= MATERIAL SHOWN =
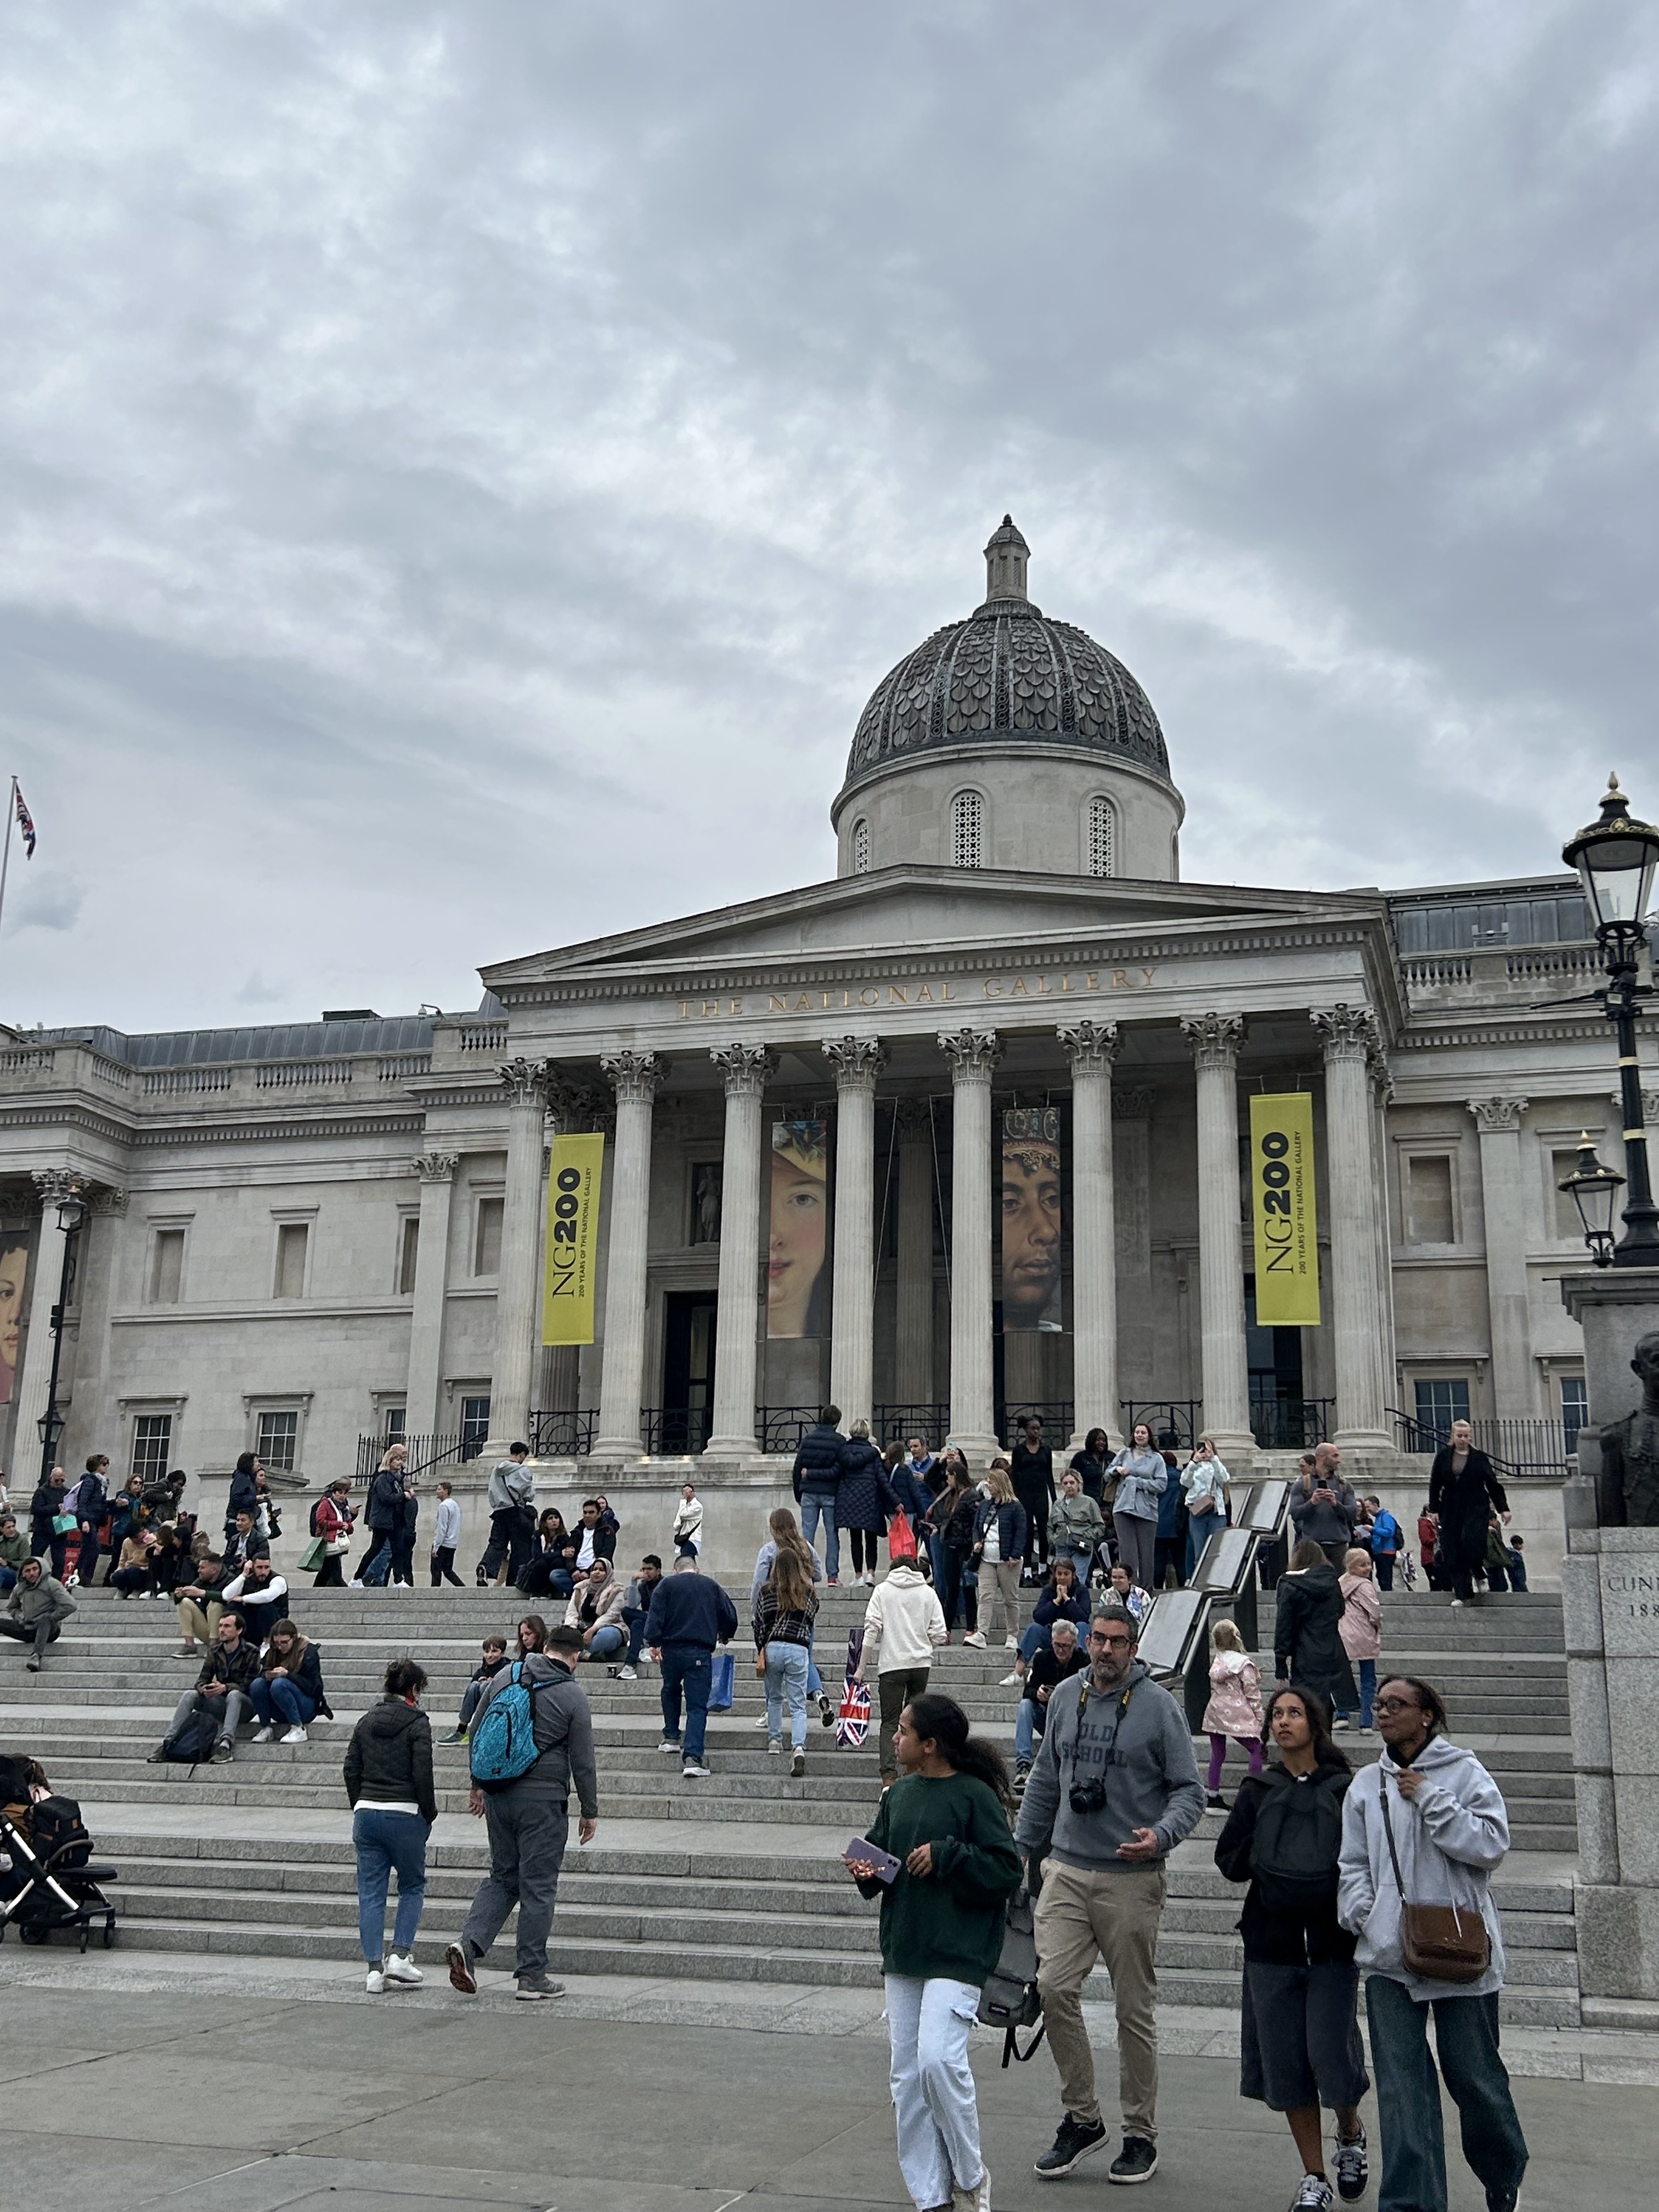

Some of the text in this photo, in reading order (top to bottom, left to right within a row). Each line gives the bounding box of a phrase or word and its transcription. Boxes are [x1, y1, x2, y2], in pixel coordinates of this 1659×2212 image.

[676, 967, 1159, 1019] THE NATIONAL GALLERY
[1293, 1131, 1302, 1164] GALLERY
[1261, 1131, 1294, 1274] NG200
[1294, 1165, 1304, 1204] NATIONAL
[580, 1248, 586, 1259] OF
[584, 1167, 592, 1197] GALLERY
[1297, 1222, 1305, 1233] OF
[552, 1167, 581, 1299] NG200
[1297, 1234, 1306, 1260] YEARS
[1607, 1576, 1659, 1592] CUN
[1079, 1723, 1114, 1742] OLD

= YOUR OBJECTIVE =
With all pictures omitted, repeat every record above word for word.

= WRITTEN SOLUTION =
Some of the text in this photo, in reading order (top to bottom, left to right within a row). Each line gives the bounding box of a phrase or word and its transcription. Boxes are [x1, y1, x2, y2], in pixel coordinates of this 1659×2212 image.

[676, 967, 1159, 1019] THE NATIONAL GALLERY
[1293, 1131, 1302, 1164] GALLERY
[1261, 1131, 1294, 1274] NG200
[1294, 1165, 1304, 1204] NATIONAL
[580, 1248, 586, 1259] OF
[584, 1167, 592, 1197] GALLERY
[1297, 1222, 1305, 1233] OF
[552, 1167, 581, 1299] NG200
[1297, 1234, 1306, 1260] YEARS
[1607, 1576, 1659, 1592] CUN
[1079, 1723, 1114, 1742] OLD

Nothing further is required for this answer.